=== SOURCE DATA ===
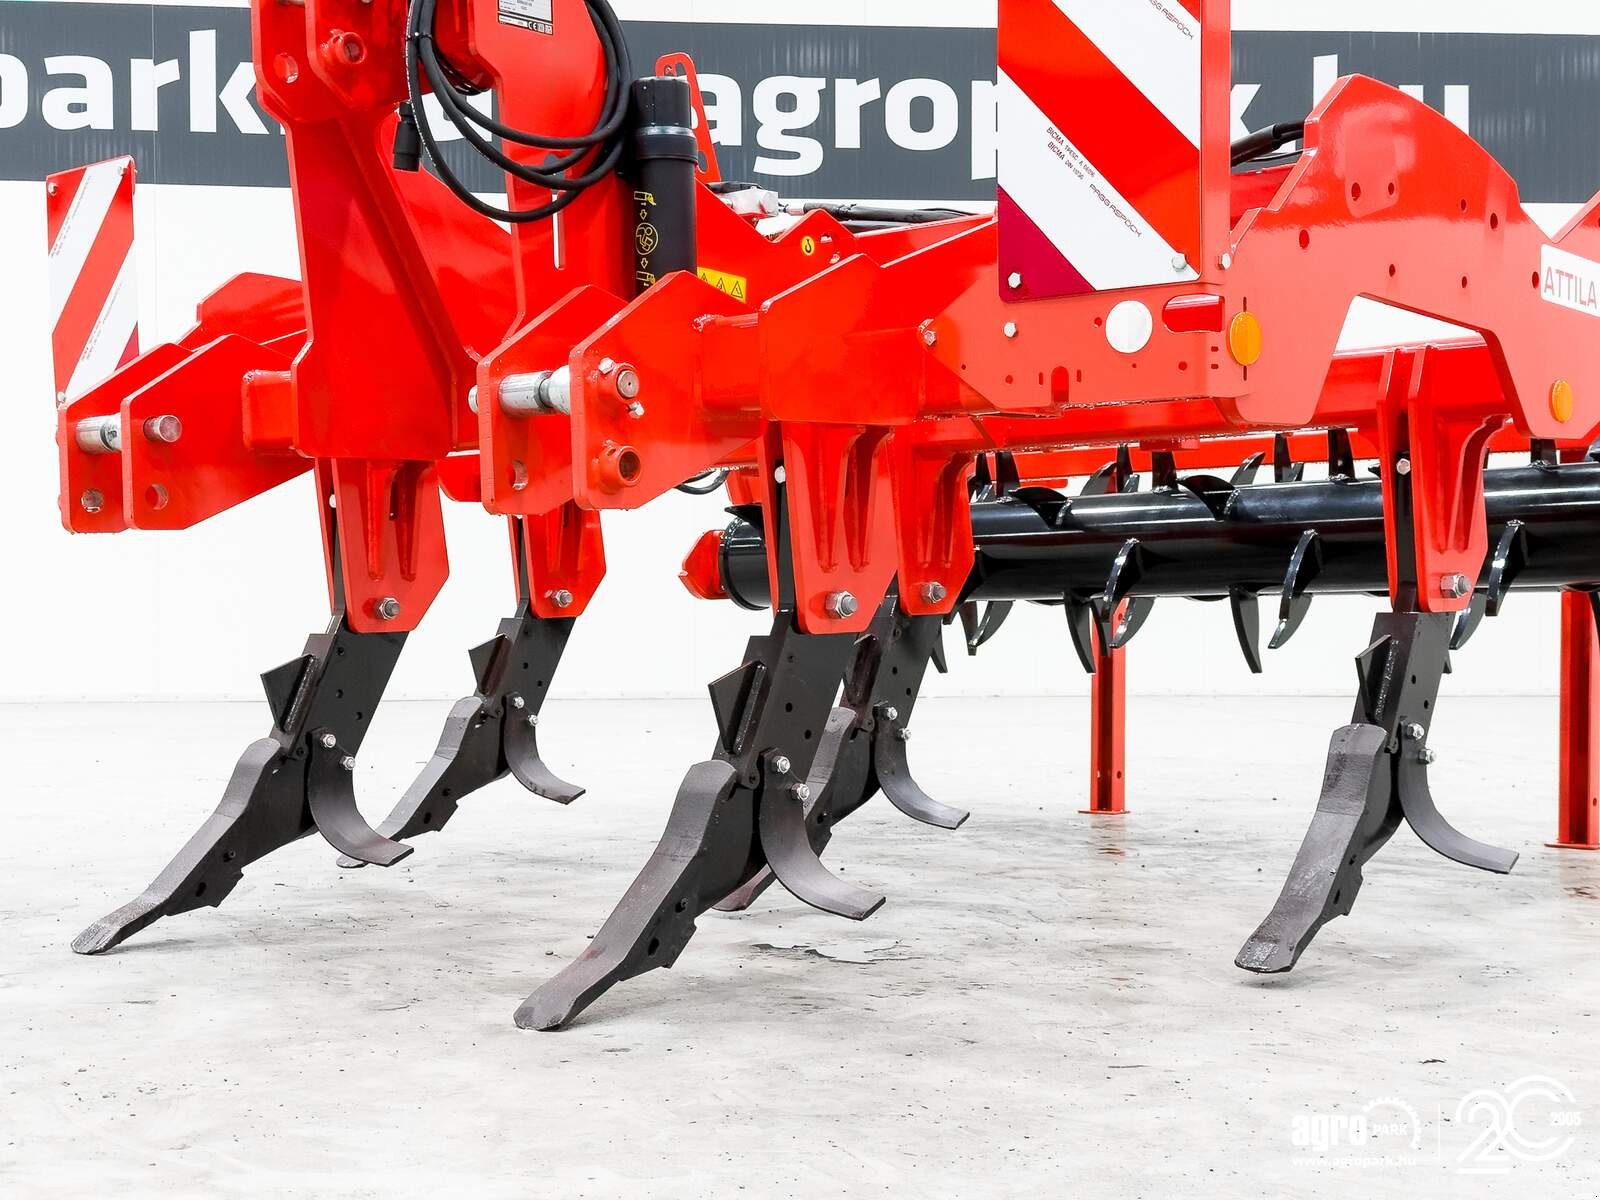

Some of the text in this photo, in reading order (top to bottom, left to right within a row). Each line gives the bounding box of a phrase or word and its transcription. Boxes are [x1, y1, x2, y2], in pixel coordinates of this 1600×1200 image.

[1046, 126, 1065, 146] BICMA
[1047, 141, 1065, 160] BICMA
[1543, 265, 1598, 310] ATTILA
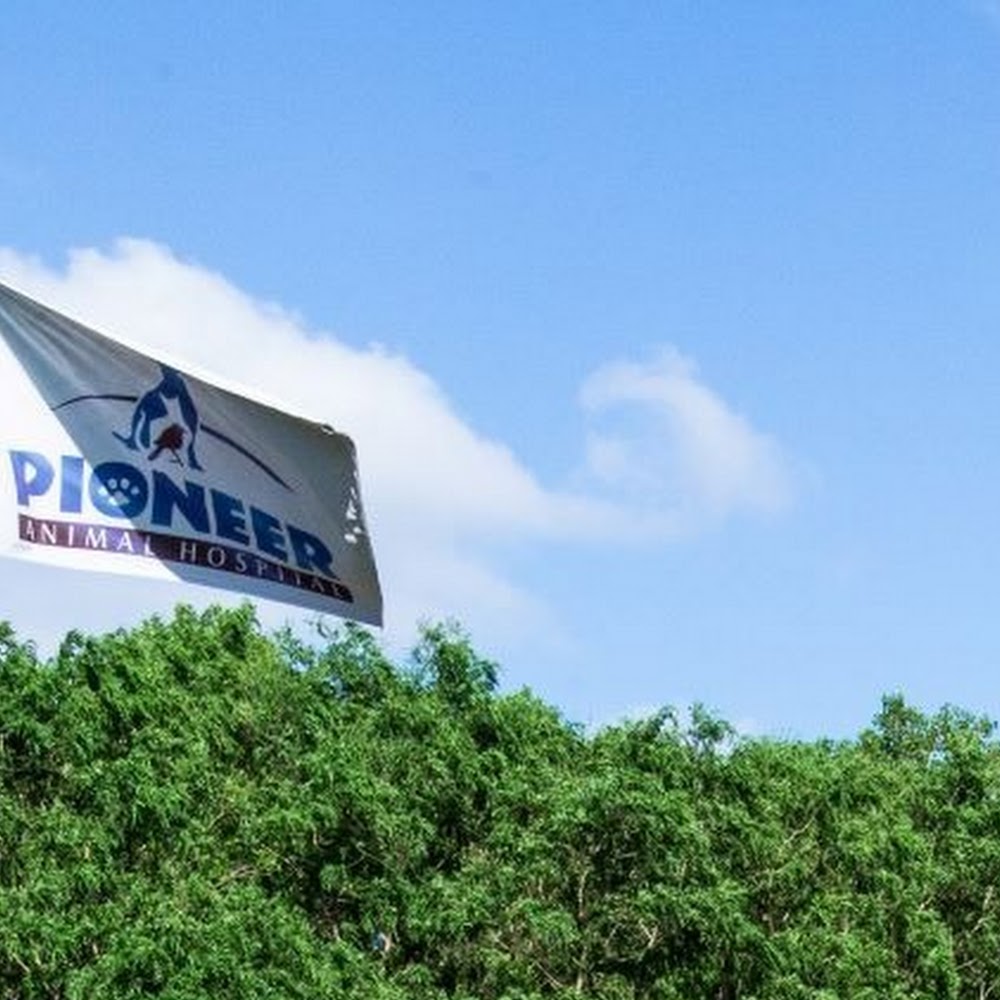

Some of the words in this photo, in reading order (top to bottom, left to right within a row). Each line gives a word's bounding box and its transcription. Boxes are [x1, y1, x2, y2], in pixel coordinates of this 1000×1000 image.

[11, 451, 340, 580] PIONEER
[26, 520, 155, 556] ANIMAL
[179, 541, 343, 597] HOSPITAL

=== ACTIVITY ===
With the images left out, set down each record exactly as it appears.

=== TASK RESPONSE ===
Some of the text in this photo, in reading order (top to bottom, left to right within a row). Each line gives the bounding box of a phrase or word and its transcription. Boxes are [x1, y1, x2, y2], in pixel coordinates of this 1600×1200 image.

[1046, 126, 1065, 146] BICMA
[1047, 141, 1065, 160] BICMA
[1543, 265, 1598, 310] ATTILA

Some of the words in this photo, in reading order (top to bottom, left to right within a row). Each line gives a word's bounding box and its transcription. Boxes are [x1, y1, x2, y2], in pixel coordinates of this 1000×1000 image.

[11, 451, 340, 580] PIONEER
[26, 520, 155, 556] ANIMAL
[179, 541, 343, 597] HOSPITAL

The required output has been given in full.